## EXERCISE BRIEF
Give the entries again exactly; drop the pictures.

## DATA EXCERPTS

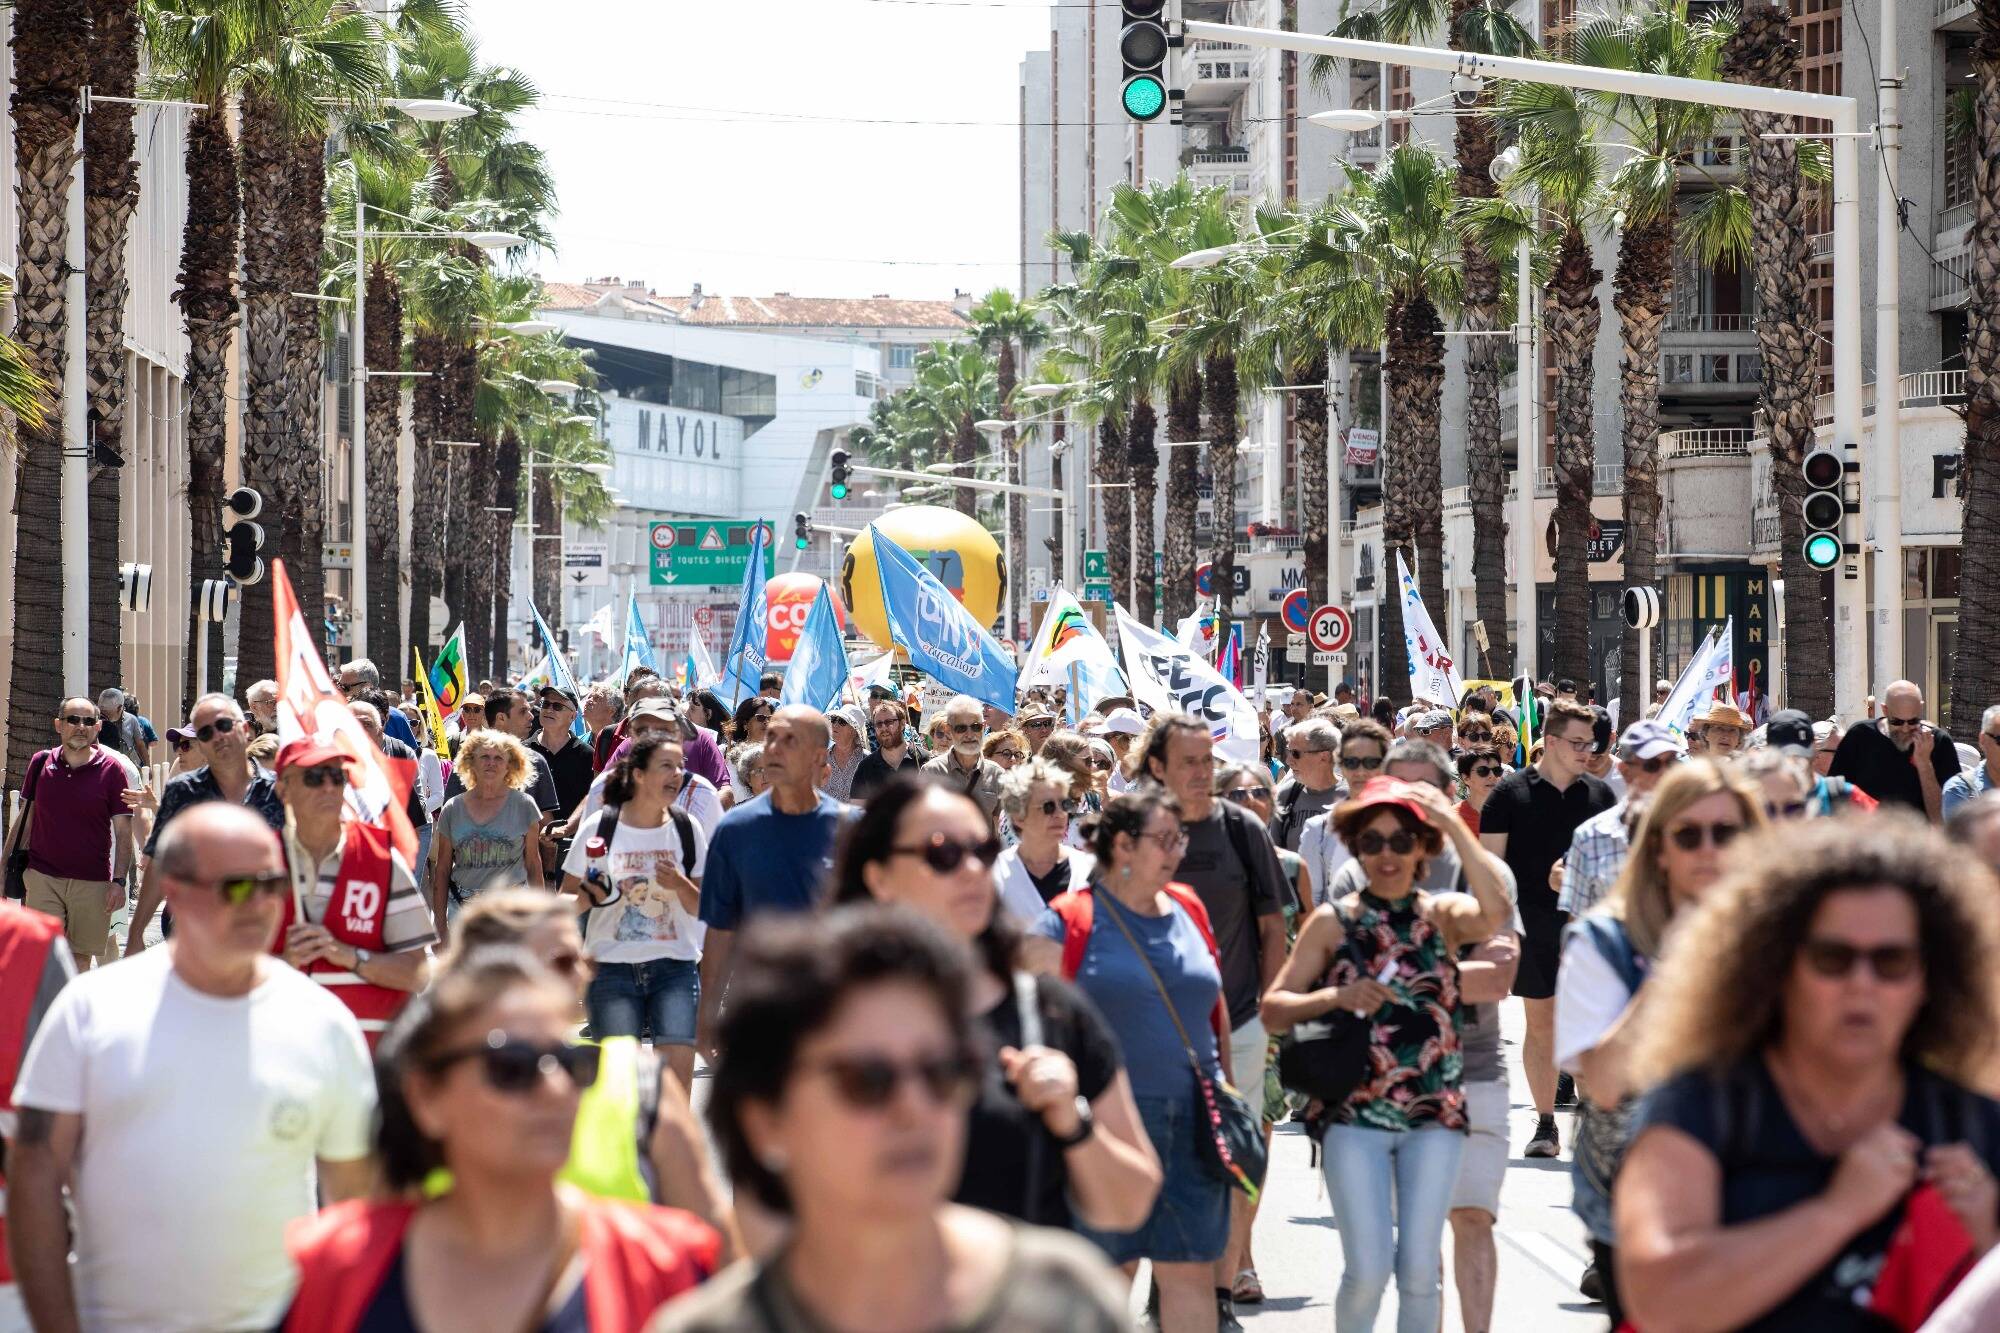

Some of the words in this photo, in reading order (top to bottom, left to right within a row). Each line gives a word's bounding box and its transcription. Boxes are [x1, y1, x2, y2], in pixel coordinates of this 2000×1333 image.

[638, 408, 720, 460] MAYOL
[1352, 432, 1378, 442] VENDU
[677, 555, 710, 565] TOUTES
[715, 555, 769, 565] DIRECTS
[768, 603, 814, 635] cg
[1319, 620, 1341, 638] 30
[1314, 655, 1345, 663] RAPPEL
[1167, 684, 1227, 722] GC
[340, 879, 381, 920] FO
[345, 917, 375, 934] VAR

## ANSWER BELOW
Some of the words in this photo, in reading order (top to bottom, left to right within a row). Each line gives a word's bounding box and its transcription. Boxes are [x1, y1, x2, y2], in pixel coordinates of this 2000×1333 image.

[638, 408, 720, 460] MAYOL
[1352, 432, 1378, 442] VENDU
[677, 555, 710, 565] TOUTES
[715, 555, 769, 565] DIRECTS
[768, 603, 814, 635] cg
[1319, 620, 1341, 638] 30
[1314, 655, 1345, 663] RAPPEL
[1167, 684, 1227, 722] GC
[340, 879, 381, 920] FO
[345, 917, 375, 934] VAR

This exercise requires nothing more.